Elle était certaine d'avoir une apparence horrible à ce moment-là. Par le passé, elle avait tout fait pour être l'épouse parfaite pour Erick, allant même jusqu'à abandonner sa carrière pour s'occuper de lui, dans l'espoir de gagner son amour.
Alicia savait qu'Erick était un homme orgueilleux. Être contraint de l'épouser était pour lui une source d'agacement constant.
Pourtant, elle avait espéré qu'avec le temps, il commencerait à éprouver des sentiments pour elle.
À présent, elle se rendait compte de sa naïveté.

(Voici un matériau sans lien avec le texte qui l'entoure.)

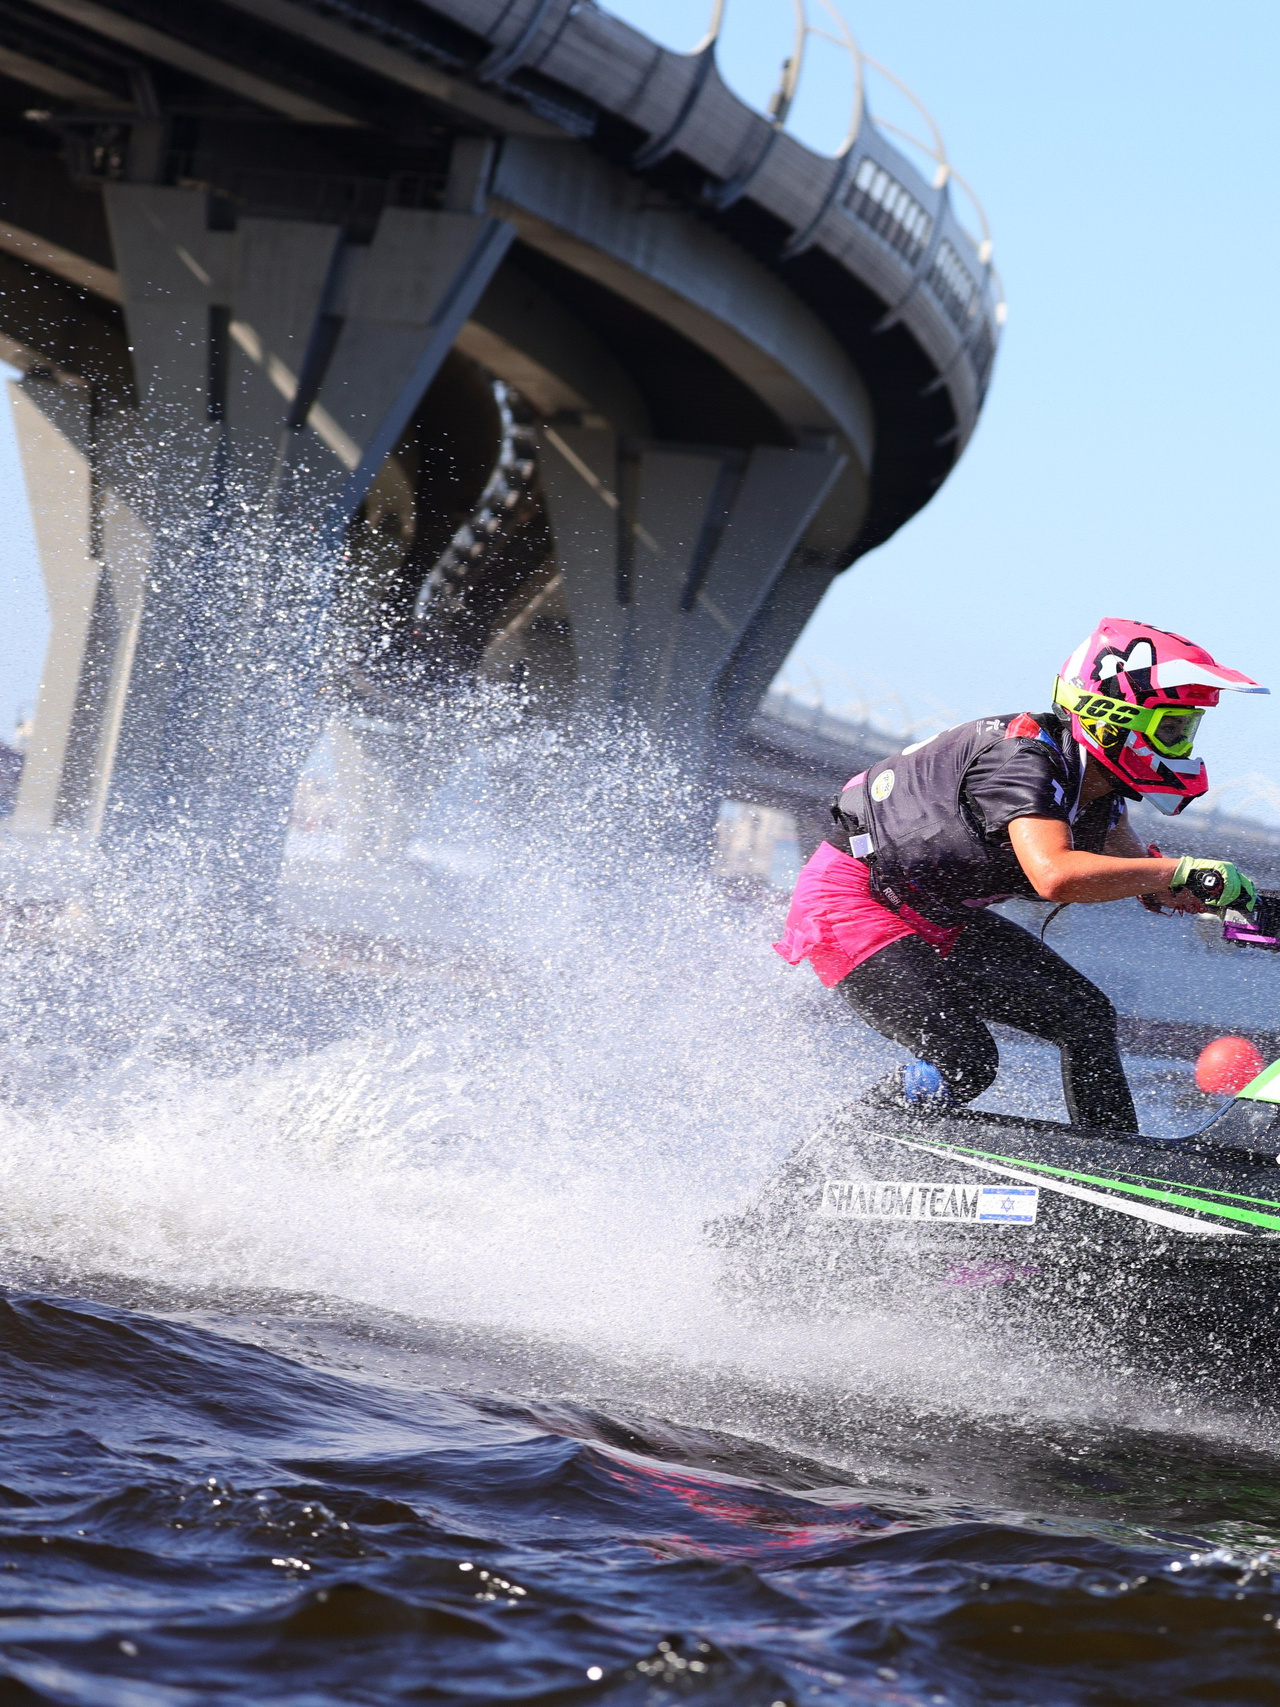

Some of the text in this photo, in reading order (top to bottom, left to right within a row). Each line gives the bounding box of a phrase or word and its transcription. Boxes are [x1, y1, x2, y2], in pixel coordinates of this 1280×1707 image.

Il ignorait qu'il y a trois ans, elle avait failli perdre la vie dans un accident de voiture provoqué par Michelle, ce qui avait entraîné une hospitalisation de trois mois et l'avait contrainte à se déplacer en fauteuil roulant pendant des mois. Il ignorait tout des cauchemars qui la hantaient chaque nuit depuis, la faisant se réveiller en hurlant. Il ignorait également à quel point la pluie aggravait la douleur de la cicatrice sur sa jambe.
Sa vie avait été remplie de telles luttes, jour et nuit.
À ses yeux, Michelle n'était qu'une pauvre fille qui avait dû quitter son pays à cause de sa femme jalouse, une femme qu'il considérait comme hystérique et rancunière.
Ce sont eux qui l'avaient poussée à l'hystérie.
Erick la regarda d'un regard froid et perçant, si différent de la chaleur et de la douceur qu'il avait manifestées quelques instants auparavant. Mais cette fois, Alicia resta ferme, les lèvres serrées, les yeux brûlants de détermination.
Elle avait reculé pendant des années, mais elle avait quand même ses limites.
Elle ne supportait pas de voir Michelle entrer chez eux et s'approcher de son mari juste sous ses yeux.
Elle n'y arrivait tout simplement pas.
« Je crois que vous vous trompez complètement. » Erick se leva lentement, passa devant elle, ôta son peignoir et s'habilla avec une grâce naturelle.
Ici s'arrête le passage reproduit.